Originally posted on blog.ruanbekker.com
In this post we will use the libvirt provisioner with Terraform to deploy a KVM Virtual Machine on a Remote KVM Host using SSH and use Ansible to deploy Nginx on our VM.
In my previous post I demonstrated how I provisioned my KVM Host and created a dedicated user for Terraform to authenticate to our KVM host to provision VMs.

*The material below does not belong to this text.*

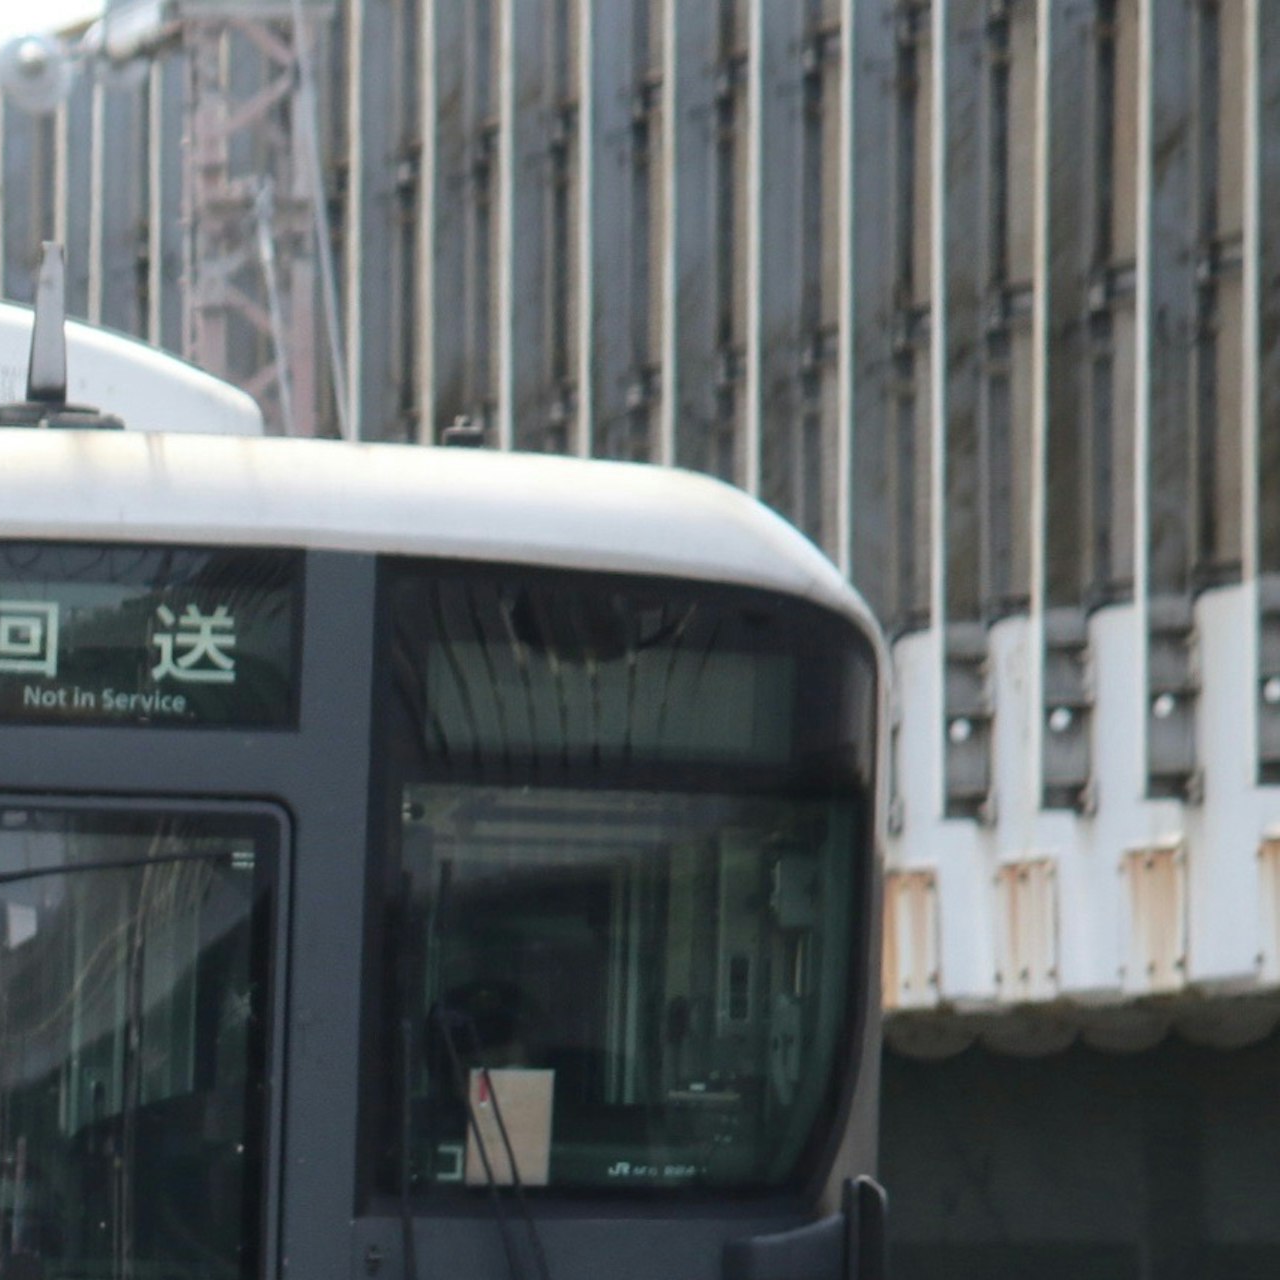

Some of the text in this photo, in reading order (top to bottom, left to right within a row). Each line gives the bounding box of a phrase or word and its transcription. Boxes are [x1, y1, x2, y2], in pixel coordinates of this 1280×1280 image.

[22, 685, 187, 713] Not in Service
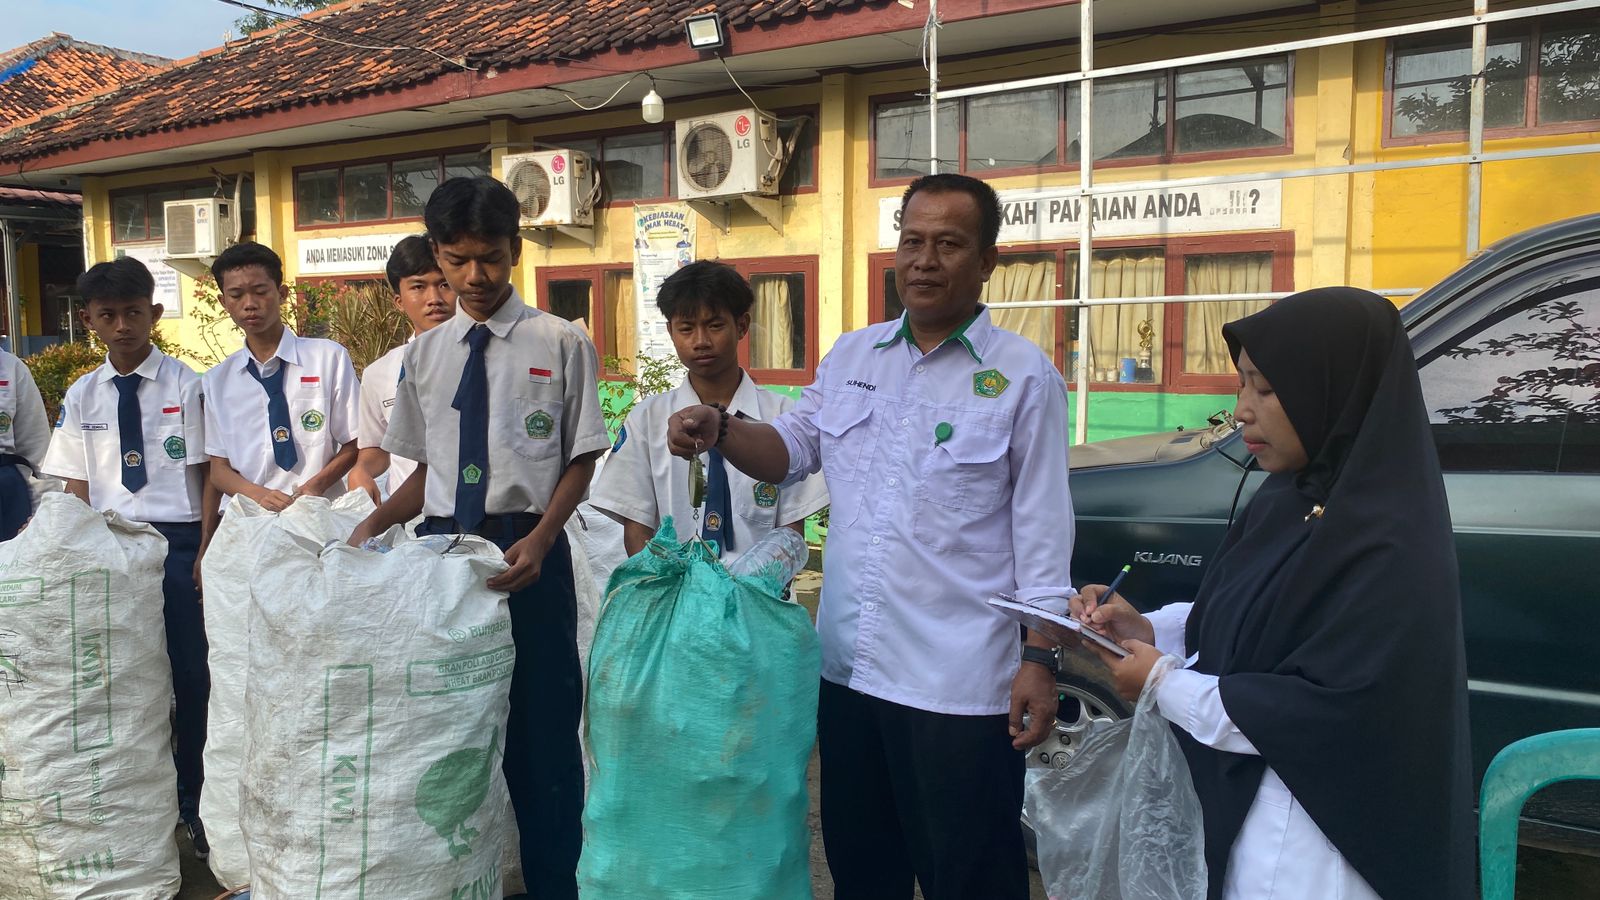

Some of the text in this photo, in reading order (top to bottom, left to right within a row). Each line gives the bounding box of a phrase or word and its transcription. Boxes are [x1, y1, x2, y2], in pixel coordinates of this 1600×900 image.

Once you have KVM installed and your SSH access is sorted, we can start by installing our dependencies.
Install our Dependencies
First we will install Terraform:
$ wget https://releases.hashicorp.com/terraform/0.13.3/terraform_0.13.3_linux_amd64.zip
$ unzip terraform_0.13.3_linux_amd64.zip
$ sudo mv terraform /usr/local/bin/terraform
Then we will install Ansible:
$ virtualenv -p python3 .venv
$ source .venv/bin/activate
$ pip install ansible
Now in order to use the libvirt provisioner, we need to install it where we will run our Terraform deployment:
$ cd /tmp/
$ mkdir -p ~/.local/share/terraform/plugins/registry.terraform.io/dmacvicar/libvirt/0.6.2/linux_amd64
$ wget https://github.com/dmacvicar/terraform-provider-libvirt/releases/download/v0.6.2/terraform-provider-libvirt-0.6.2+git.1585292411.8cbe9ad0.Ubuntu_18.04.amd64.tar.gz
$ tar -xvf terraform-provider-libvirt-0.6.2+git.1585292411.8cbe9ad0.Ubuntu_18.04.amd64.tar.gz
$ mv ./terraform-provider-libvirt ~/.local/share/terraform/plugins/registry.terraform.io/dmacvicar/libvirt/0.6.2/linux_amd64/
Our ssh config for our KVM host in ~/.ssh/config
:
Host *
Port 22
StrictHostKeyChecking no
UserKnownHostsFile /dev/null
Host ams-kvm-remote-host
HostName ams-kvm.mydomain.com
User deploys
IdentityFile ~/.ssh/deploys.pem
Terraform all the things
Create a workspace directory for our demonstration:
$ mkdir -p ~/workspace/terraform-kvm-example/
$ cd ~/workspace/terraform-kvm-example/
First let's create our providers.tf
:
terraform {
required_providers {
libvirt = {
source = "dmacvicar/libvirt"
version = "0.6.2"
}
}
}
Then our variables.tf
, just double check where you need to change values to suite your environment:
variable "libvirt_disk_path" {
description = "path for libvirt pool"
default = "/opt/kvm/pool1"
}
variable "ubuntu_18_img_url" {
description = "ubuntu 18.04 image"
default = "http://cloud-images.ubuntu.com/releases/bionic/release-20191008/ubuntu-18.04-server-cloudimg-amd64.img"
}
variable "vm_hostname" {
description = "vm hostname"
default = "terraform-kvm-ansible"
}
variable "ssh_username" {
description = "the ssh user to use"
default = "ubuntu"
}
variable "ssh_private_key" {
description = "the private key to use"
default = "~/.ssh/id_rsa"
}
Create the main.tf
, you will notice that we are using ssh to connect to KVM, and because the private range of our VM's are not routable via the internet, I'm using a bastion host to reach them.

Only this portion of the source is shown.